Assignment:
Please reproduce the records below exactly, omitting any pictures they contain.

── Exercise data

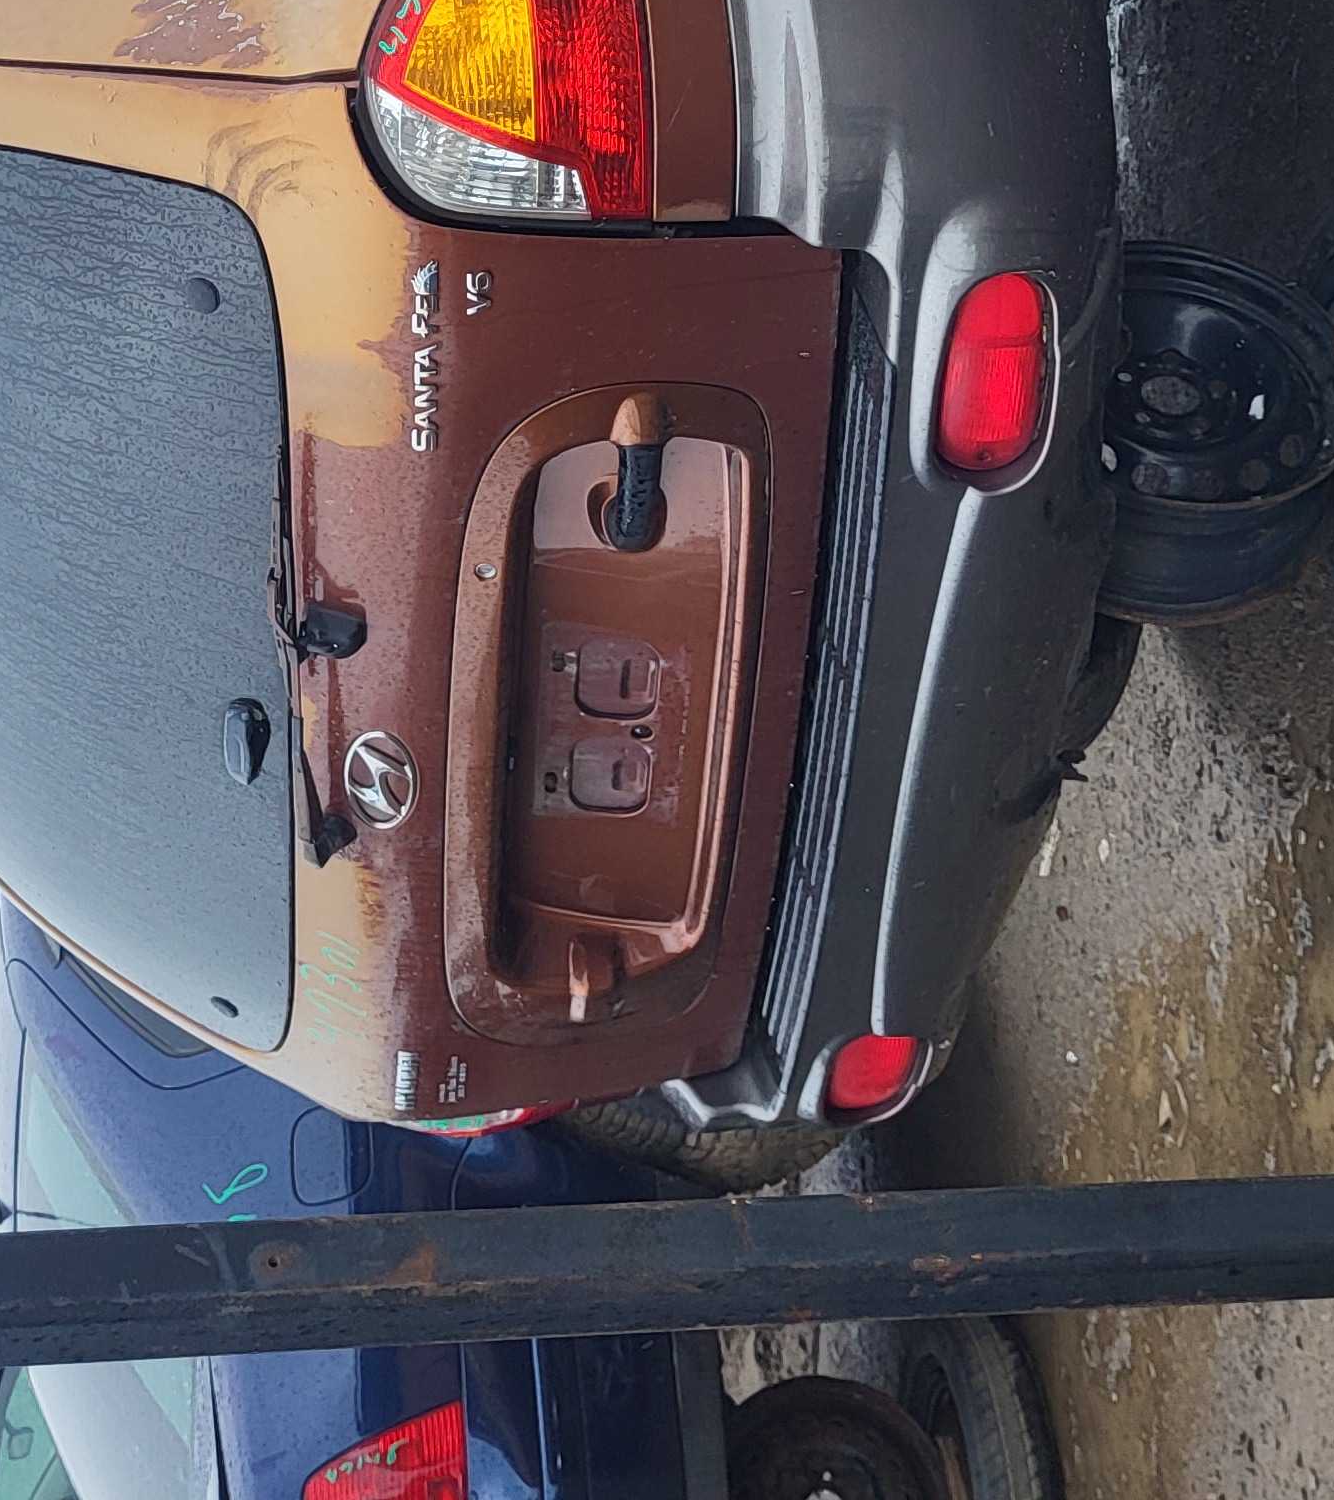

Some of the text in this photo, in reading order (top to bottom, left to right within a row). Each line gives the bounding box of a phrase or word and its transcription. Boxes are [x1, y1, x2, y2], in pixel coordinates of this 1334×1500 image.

[466, 271, 492, 315] V6
[411, 294, 438, 452] SANTA FE
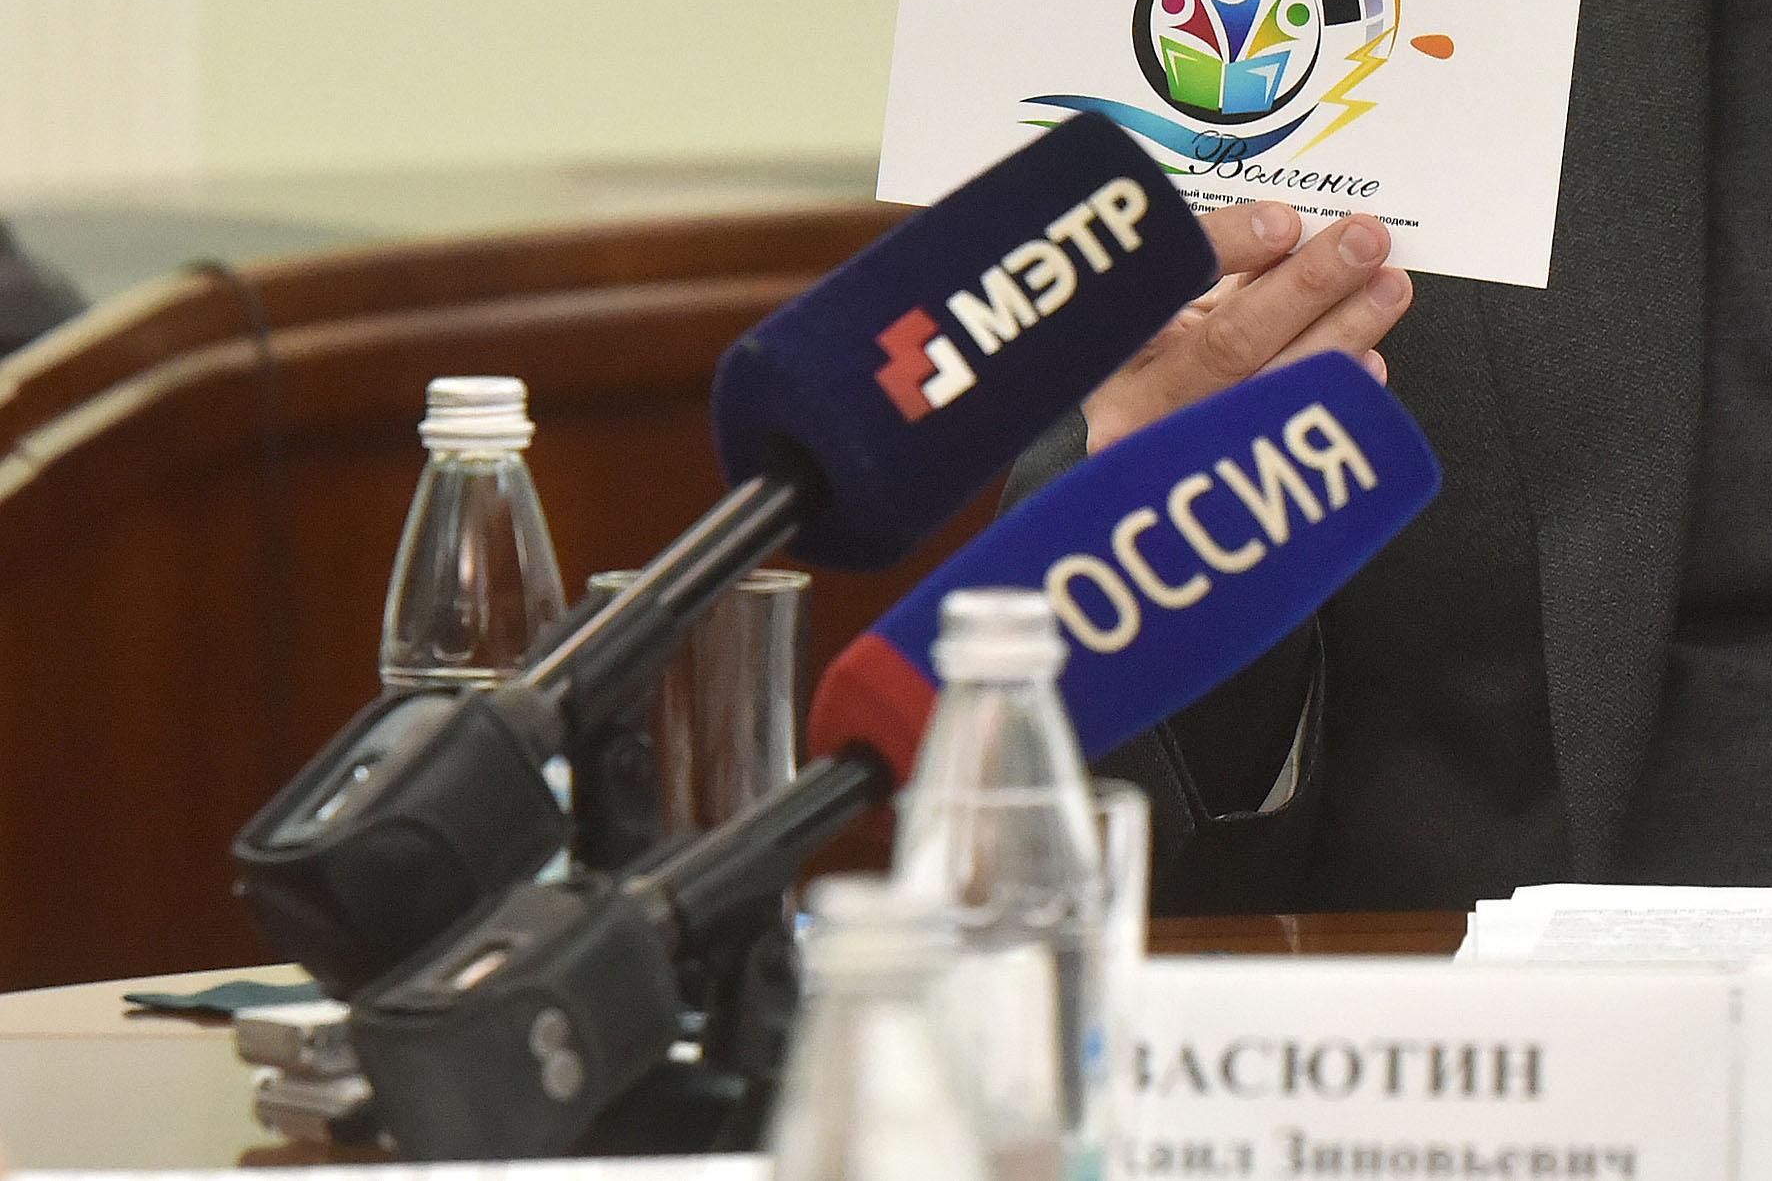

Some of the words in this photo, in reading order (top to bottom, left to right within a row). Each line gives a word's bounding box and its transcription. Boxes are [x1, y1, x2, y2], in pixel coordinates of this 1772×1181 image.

[1177, 188, 1200, 198] ный
[1202, 191, 1234, 204] центр
[1290, 203, 1319, 215] нных
[1374, 215, 1420, 228] лодежи
[1188, 130, 1380, 198] Волгенче
[946, 175, 1151, 356] МЭТР
[1044, 401, 1379, 655] ОССИЯ
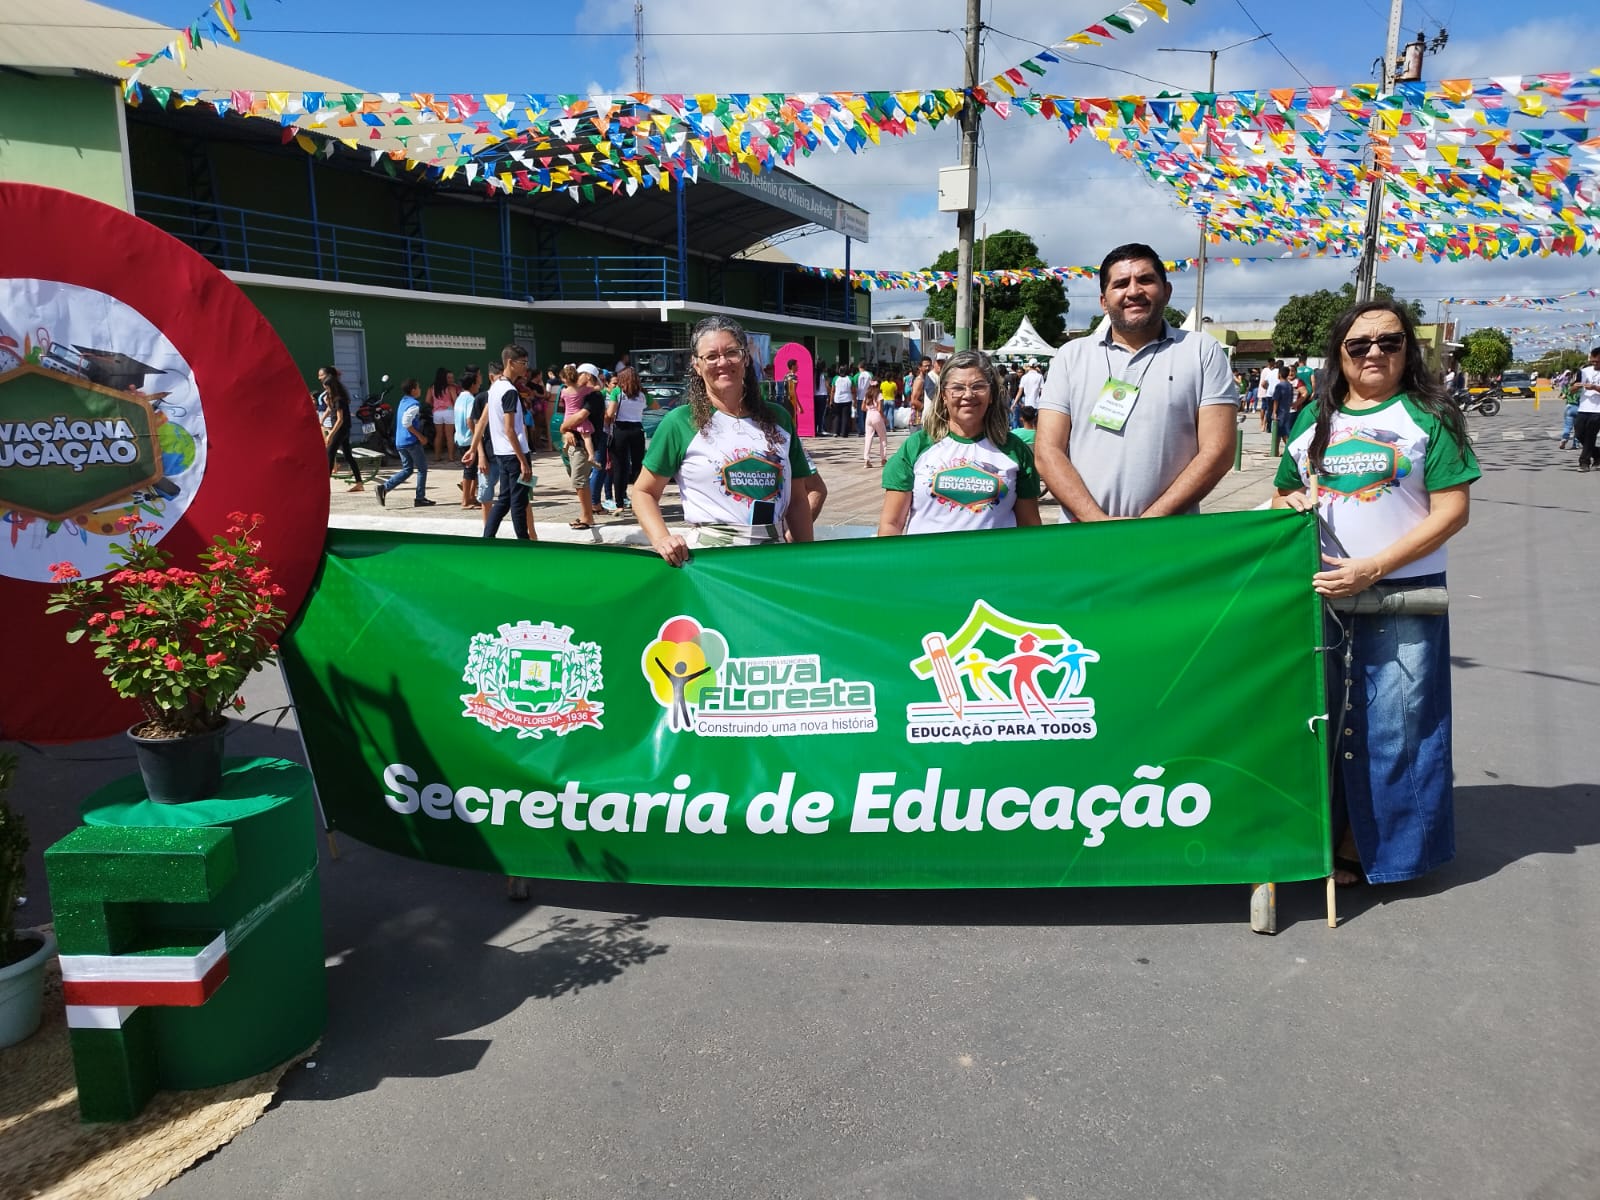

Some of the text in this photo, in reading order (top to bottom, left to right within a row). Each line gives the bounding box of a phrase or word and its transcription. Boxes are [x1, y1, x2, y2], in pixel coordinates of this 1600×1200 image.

[0, 416, 93, 444] VAÇÃO
[0, 436, 137, 471] UCAÇÃO
[1323, 452, 1371, 467] OVAÇÃO
[1323, 461, 1388, 476] UCAÇÃO
[730, 478, 776, 487] EDUCAÇÃO
[938, 481, 994, 493] EDUCAÇÃO
[503, 710, 522, 723] NOVA
[523, 713, 561, 725] FLORESTA
[698, 718, 874, 733] Construindo uma nova história
[911, 723, 1092, 739] EDUCAÇÃO PARA TODOS
[383, 763, 1211, 847] Secretaria de Educação
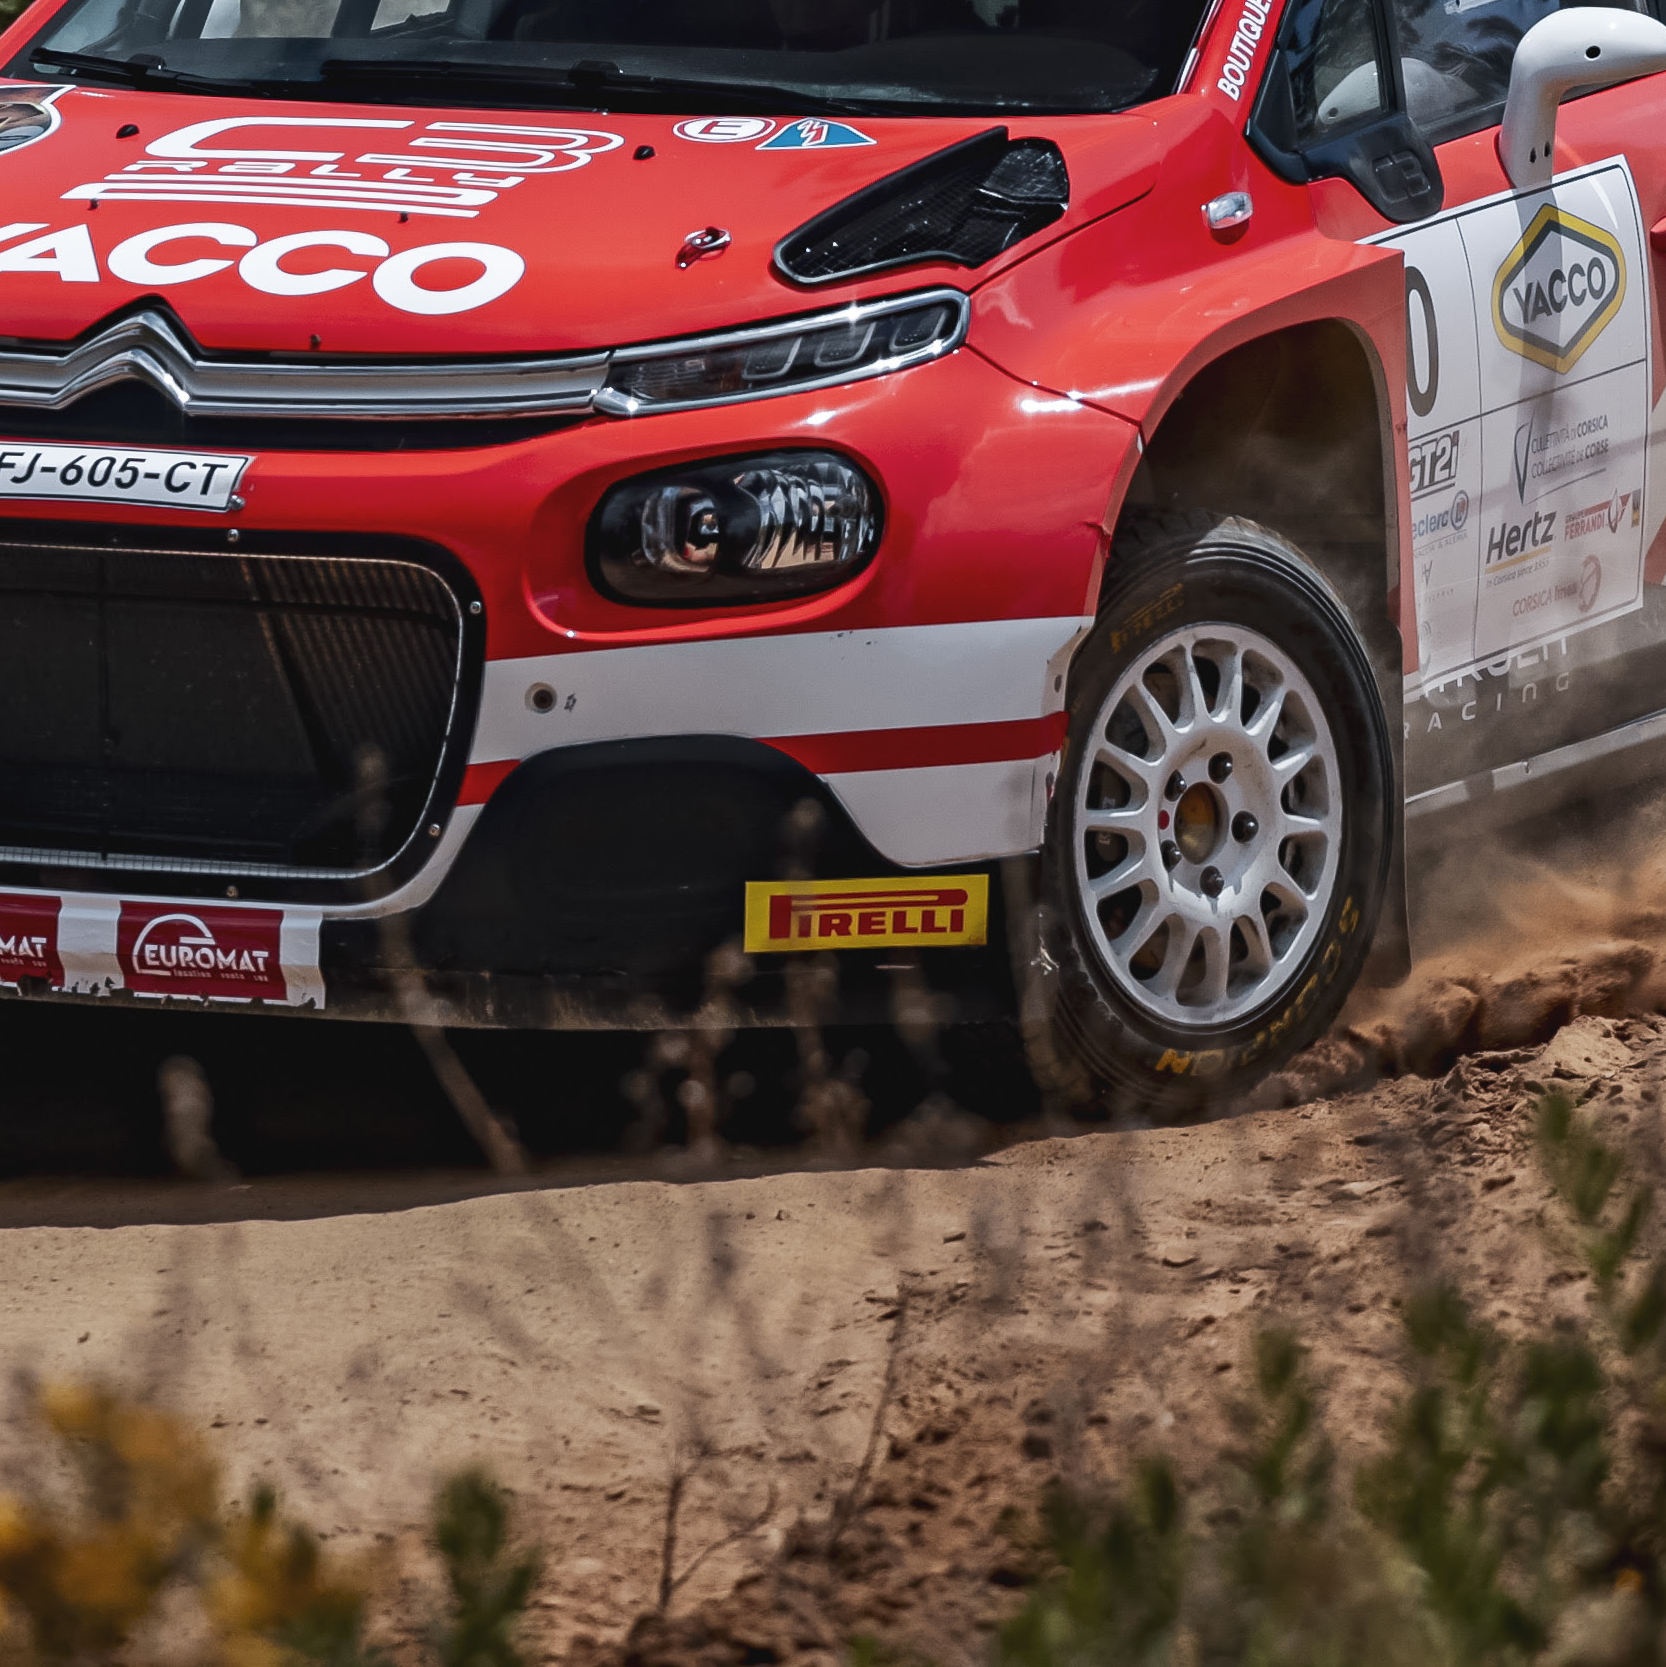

────

Answer below:
Some of the text in this photo, in reading order (top to bottom, left to right within a row). Each line gives the bounding box of a phrase or word and its transcription. Boxes are [x1, y1, x2, y2], in pixel coordinates of this 1334×1500 image.

[466, 271, 492, 315] V6
[411, 294, 438, 452] SANTA FE

Some of the words in this photo, in reading order (top to bottom, left to right within a row). Each line gives a word's bounding box and its transcription. Boxes are [x1, y1, x2, y2], in pixel coordinates of this 1772×1181 image.

[1177, 188, 1200, 198] ный
[1202, 191, 1234, 204] центр
[1290, 203, 1319, 215] нных
[1374, 215, 1420, 228] лодежи
[1188, 130, 1380, 198] Волгенче
[946, 175, 1151, 356] МЭТР
[1044, 401, 1379, 655] ОССИЯ

Some of the text in this photo, in reading order (top to bottom, left to right within a row). Each line gives the bounding box of a phrase or word and its transcription. Boxes are [x1, y1, x2, y2], in pixel coordinates of this 1600×1200 image.

[0, 416, 93, 444] VAÇÃO
[0, 436, 137, 471] UCAÇÃO
[1323, 452, 1371, 467] OVAÇÃO
[1323, 461, 1388, 476] UCAÇÃO
[730, 478, 776, 487] EDUCAÇÃO
[938, 481, 994, 493] EDUCAÇÃO
[503, 710, 522, 723] NOVA
[523, 713, 561, 725] FLORESTA
[698, 718, 874, 733] Construindo uma nova história
[911, 723, 1092, 739] EDUCAÇÃO PARA TODOS
[383, 763, 1211, 847] Secretaria de Educação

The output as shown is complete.